Страстная односторонность и бесстрастие духа - [53]
После каторги Достоевский заново редактирует «Двойника». Но великая мысль, которую он чувствовал, опять осталась невысказанной. Эта неудача была, может быть, толчком к литературному открытию: не двойника, а двойных мыслей (как их назвал поручик Келлер в исповеди князю Мышкину). Нет двух Голядкиных, двух Лебедевых, двух Раскольниковых. Каждый – неповторимое лицо, но в каждом – борьба внутреннего и внешнего человека, идеала Мадонны с идеалом содомским. И если возникает призрак двойника, то это только остановленный миг в потоке двойных мыслей, в параллельном существовании высоких и низких помыслов.
Раннему Достоевскому совершенно не давалось то, чем он впоследствии прославился. Зло либо действует за сценой (как господин Быков в «Бедных людях»), либо лишено размаха, мелко, пошло. Героям не хватает свободы падения. И от этого добро также лишено подлинной силы. Оно не прошло через огненное горнило, не закалилось в нем. Варенька не могла бы покорить сердце Раскольникова, как Соня. «Бедные люди», «Белые ночи» – скорее мечта о любви, о добре, скорее сон, чем действительность. Тему душевной широты – от ада до рая – Достоевский схватывал только в каких-то судорогах воображения. Надо знать романы Достоевского, чтобы оценить романтизм «Хозяйки».
Молодой писатель остался одиноким и осмеянным. Но тем пламеннее становились его мечты. Именно в подполье высиживаются птенцы Утопии. В 1849 г., посаженный в крепость по делу петрашевцев, Достоевский пишет рассказ «Маленький герой» – едва ли не ради одной филиппики против положительных, трезвых, реалистически мыслящих людей, заплевавших романтические порывы: «Особенно же запасаются они своими фразами на изъявление своей глубочайшей симпатии к человечеству, на определение, что такое самая правильная и оправданная рассудком филантропия, и наконец, чтоб безостановочно карать романтизм, то есть зачастую все прекрасное и истинное, каждый атом которого дороже всей их слизняковой породы. Но грубо не узнают они истины в уклоненной, переходной и неготовой форме и отталкивают все, что еще не поспело, не устоялось и бродит…»

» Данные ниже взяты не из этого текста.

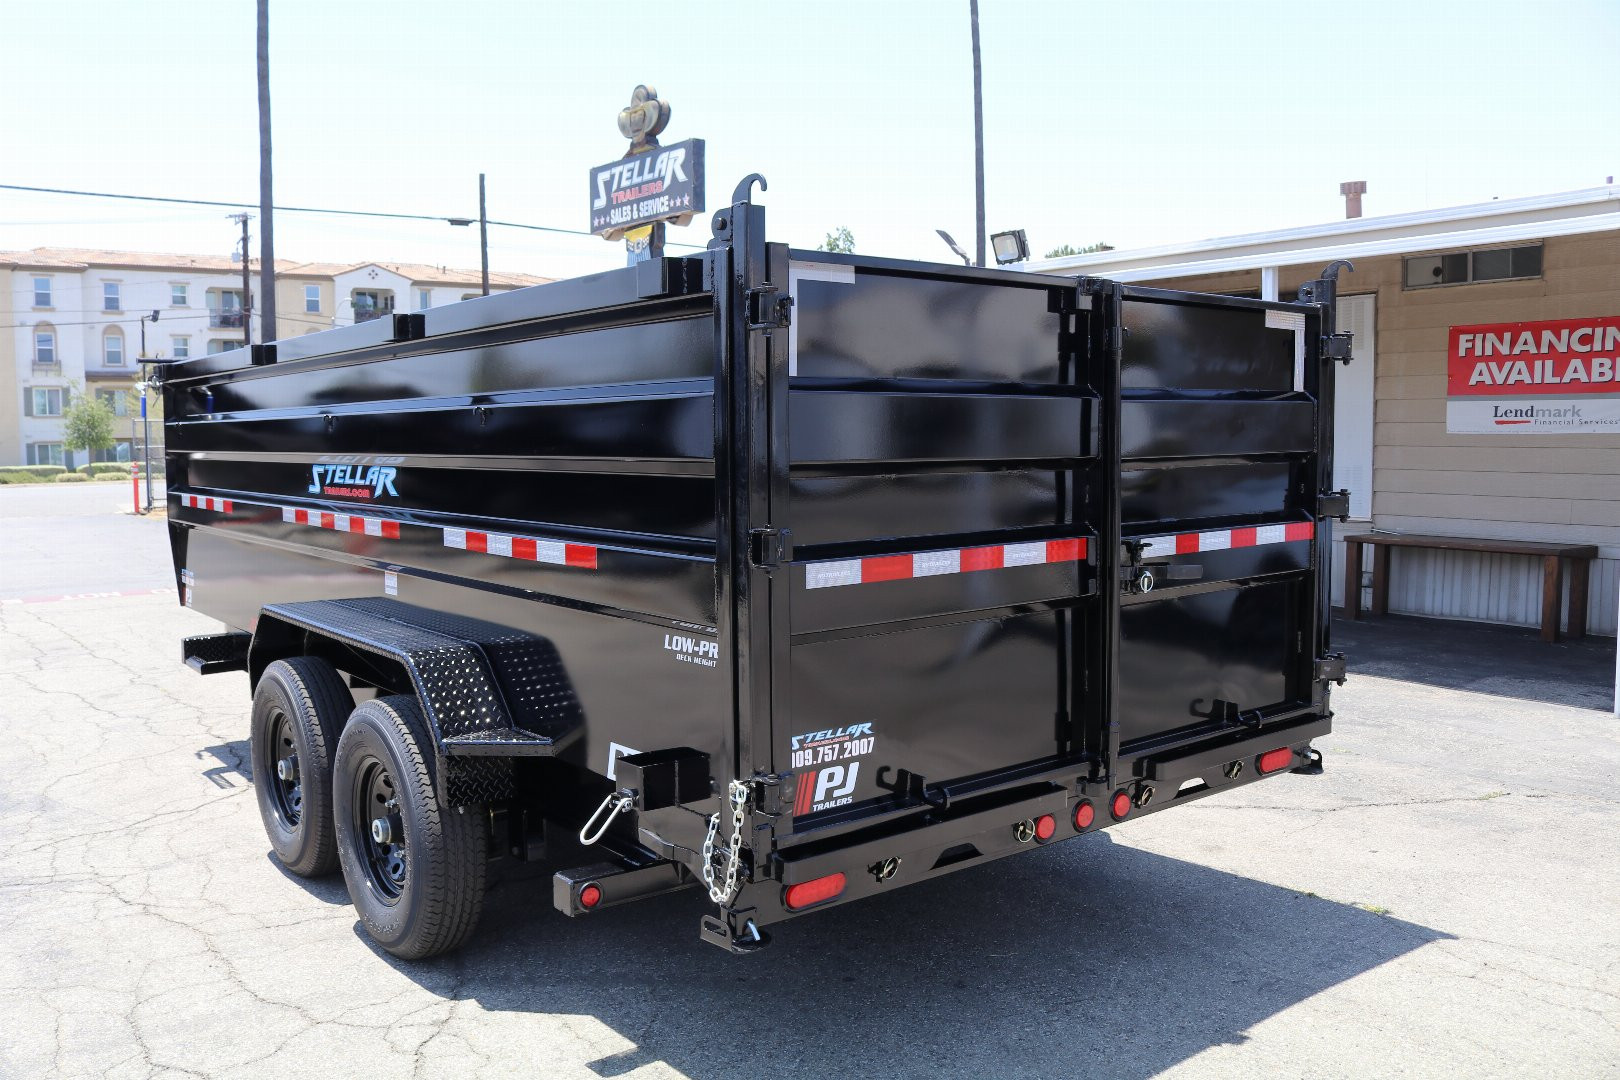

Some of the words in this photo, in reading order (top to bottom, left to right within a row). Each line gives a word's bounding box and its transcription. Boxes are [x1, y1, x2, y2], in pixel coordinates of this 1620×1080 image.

[593, 148, 688, 210] STELLAR
[611, 180, 664, 204] TRAILERS
[610, 207, 632, 225] SALES
[633, 204, 639, 219] &
[639, 195, 669, 217] SERVICE
[1493, 405, 1582, 418] Lendmark
[308, 464, 400, 499] STELLAR
[676, 653, 692, 663] DECK
[694, 657, 717, 668] HEIGHT
[791, 722, 874, 750] STELLAR
[813, 761, 860, 802] PJ
[812, 796, 853, 812] TRAILERS
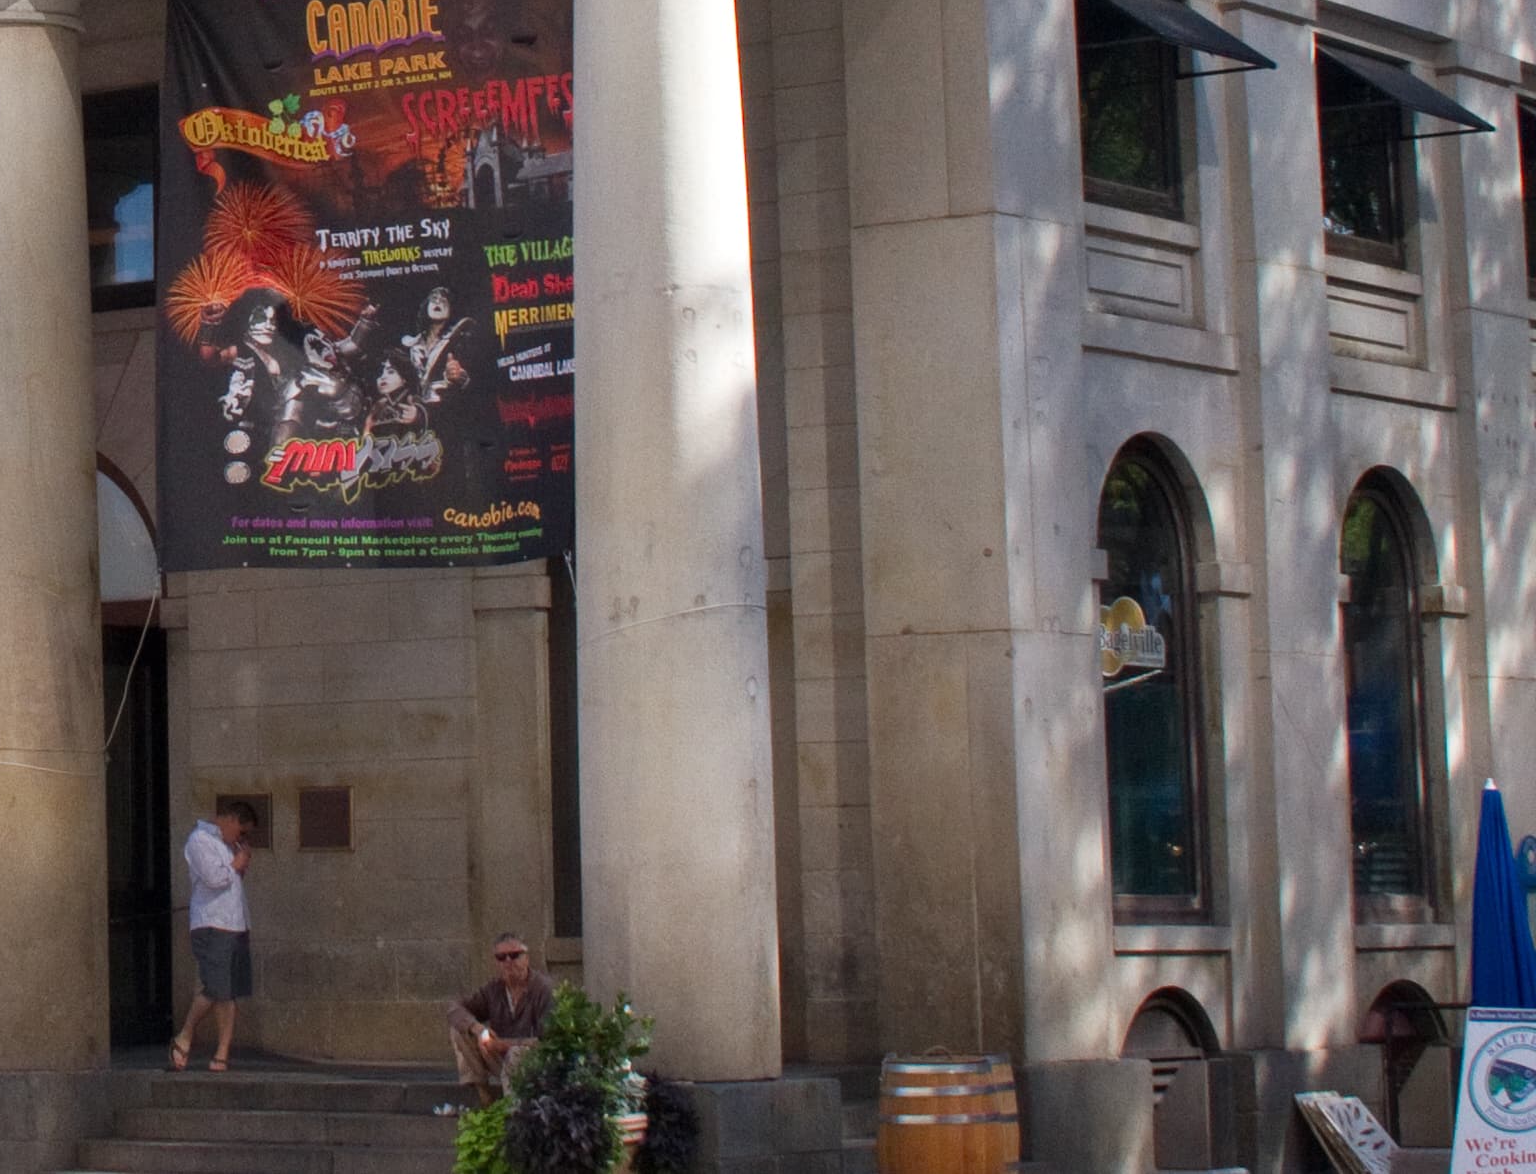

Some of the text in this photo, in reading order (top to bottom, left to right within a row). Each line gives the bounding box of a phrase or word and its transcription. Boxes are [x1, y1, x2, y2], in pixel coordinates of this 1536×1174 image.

За цензурным эвфемизмом о филантропии стоят, по-видимому, споры «за» и «против» социализма. Достоевский отстаивал право мечты не считаться с доводами рассудка. (Эта тема будет потом переосмыслена в «Подполье».) Но споры шли не только о Фурье. На пятницах у Петрашевского обсуждались проблемы судебной, цензурной, крестьянской реформы. Следствие не до конца выявило характер кружка Дурова, выделившегося в особую тайную организацию. Но есть достоверные свидетельства, что этот кружок (к которому принадлежал Достоевский) стоял за освобождение крестьян любой ценой, хотя бы вооруженным восстанием. В руки властей попала «Солдатская беседа» поручика Григорьева (попытка пропаганды в армии). После восьми месяцев заключения в одиночных камерах Петропавловской крепости (за это время Григорьев и еще один подсудимый сошли с ума) был оглашен приговор: «…Отставного инженер-поручика Достоевского за недонесение о распространении преступного о религии и правительстве письма литератора Белинского и злоумышленного сочинения поручика Григорьева, – лишить… чинов, всех прав состояния и подвергнуть смертной казни расстрелянием». (Поразительно, как приговор выталкивает Достоевского из XIX века в ХХ-й…)
Вынося приговор, генерал-аудиториат ходатайствовал перед императором о смягчении приговора (для Достоевского – до восьми лет каторги); Николай I наложил резолюцию: «4 года и потом рядовым», но одновременно велел, чтобы условный приговор к расстрелу был театрально разыгран, со всеми подробностями, которые несколько раз уточнял. Четверть часа ожидания смертной казни запомнились Достоевскому на всю жизнь (ср. рассказ Мышкина Епанчиным).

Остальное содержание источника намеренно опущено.